Speaking of Category E films, there's an article in Slate on The Searchers that blames academic film studies for the popularization of Ford and his film:
[I]t is Ford's status, and even more so Wayne's, as troubling anachronisms that help levitate the reputation of The Searchers. For everything in The Searchers can be said to be "problematized," that favored term of art for film and culture studies, starting with the old standbys race and gender but moving on quickly to Wayne and Ford themselves. ..The argument that Ford, and by extension Wayne, set about in the mid-'50s to "subvert" (another film-studies byword) their own meticulously constructed personas as defenders of a heroic code of the unsettled West was first floated in the early days of film studies, and has been catnip to the institutional critic ever since.

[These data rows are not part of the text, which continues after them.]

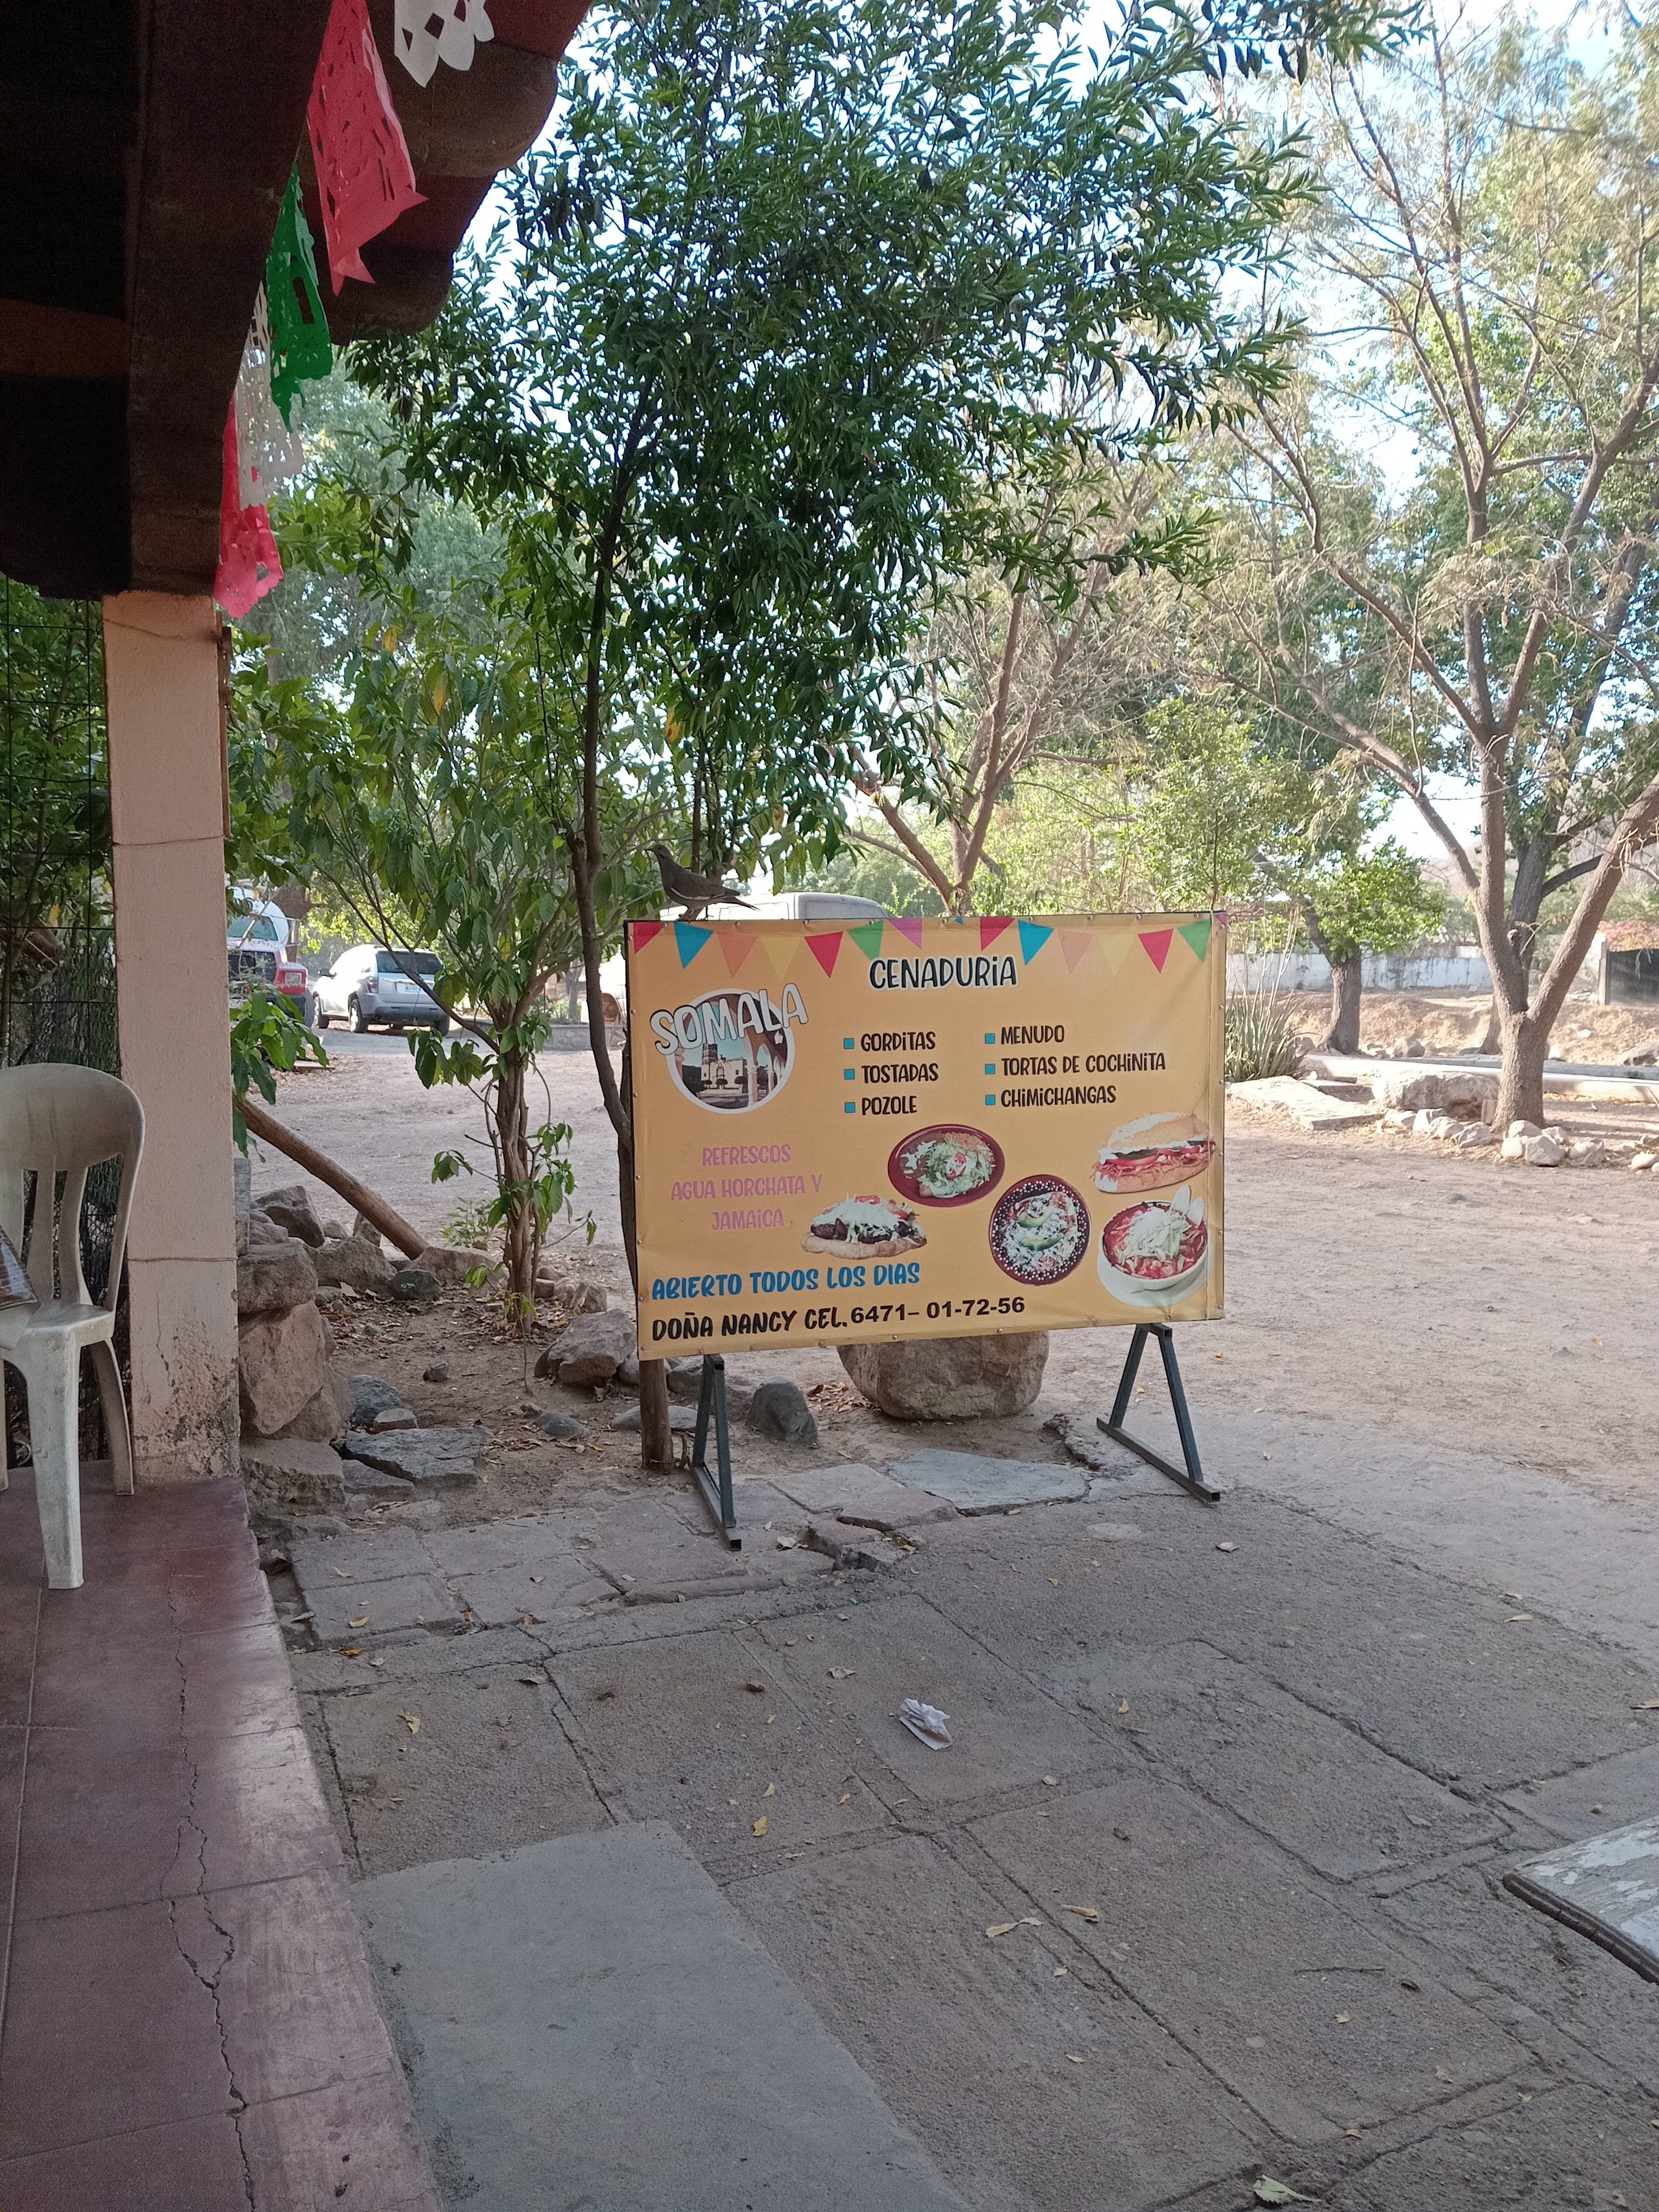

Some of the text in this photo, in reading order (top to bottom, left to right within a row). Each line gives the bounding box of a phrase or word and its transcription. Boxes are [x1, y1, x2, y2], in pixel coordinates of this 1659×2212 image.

[650, 983, 808, 1055] SOMALA
[1001, 1025, 1065, 1045] MENUDO
[861, 1063, 938, 1083] TOSTADAS
[1001, 1057, 1058, 1076] TORTAS
[1063, 1056, 1080, 1073] DE
[861, 1096, 917, 1116] POZOLE
[702, 1144, 792, 1167] REFRESCOS
[671, 1175, 822, 1201] AGUA HORCHATA Y
[652, 1263, 921, 1300] ABIERTO TODOS LOS DIAS
[652, 1313, 713, 1341] DOÑA
[721, 1310, 798, 1336] NANCY
[805, 1307, 847, 1329] CEL.
[927, 1296, 1025, 1319] 01-72-56

The author, Stephen Metcalf, doesn't cite which academics or which readings he talking about. Not knowing the scholarship on the film, I can't say how accurate his assessment is. It does seem like a caricature, partly because film scholars are now less inclined to those Category E sorts of readings than they were in the 1980s and 1990s, partly because there not all Category E readings serve auteurist impulses, the "Sirkian system" notwithstanding. To my knowledge, plenty of scholars find Ford and Wayne thoroughly racist but find enough contradictions around racial and gender politics in the film to make interpretation of its multivalence an appealing project.

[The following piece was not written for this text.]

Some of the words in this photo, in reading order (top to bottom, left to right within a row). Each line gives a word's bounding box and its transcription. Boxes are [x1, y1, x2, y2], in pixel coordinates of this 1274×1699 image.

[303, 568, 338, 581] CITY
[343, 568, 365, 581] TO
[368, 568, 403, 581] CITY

Perhaps that distinction gets to the heart of an interesting issue: is it a problem when presumably nonhierarchical theoretical paradigms end up recreating a canon? Do contradictory, reflexive, and otherwise illustrative texts get to the front of the line when we create our syllabi and write articles - in the same way that films conforming to high modernism did in the 1960s and 70s?

Of course, not every one is as resolutely committed as I am to the evacuation of questions of evaulation from film studies (i.e. they like traditional canon-making). And others go further than I in resisting canonicity, particularly in the pedagocial situation. I happen to think you need to teach students the canon while also modeling scholarship that's non-evaluative. Students need to learn somehow the way film has been conceived as an art (by some) while it functions as popular culture (by most). Other scholars, perhaps, disagree, preferring to either emphasize film-as-popular culture or else push the notion of film art in directions other than with the interpretive communities that historically have defined it.

So, in short, my take on the matter is "canons OK, evaluative scholarship something to avoid." Also, depending on what one is researching, an anti-canonical approach may be necessary. Bordwell, Thompson and Staiger's statistical sample in Classic Hollywood Cinema (Columbia UP, 1985) is partly gimmick (they happily will choose another film if it suits their purpose) but works well as a first step in constituting an object of study, an "epistemological break" as Bourdieu would call it. It's a spirit in intellectual inquiry that could be emulated more, I think.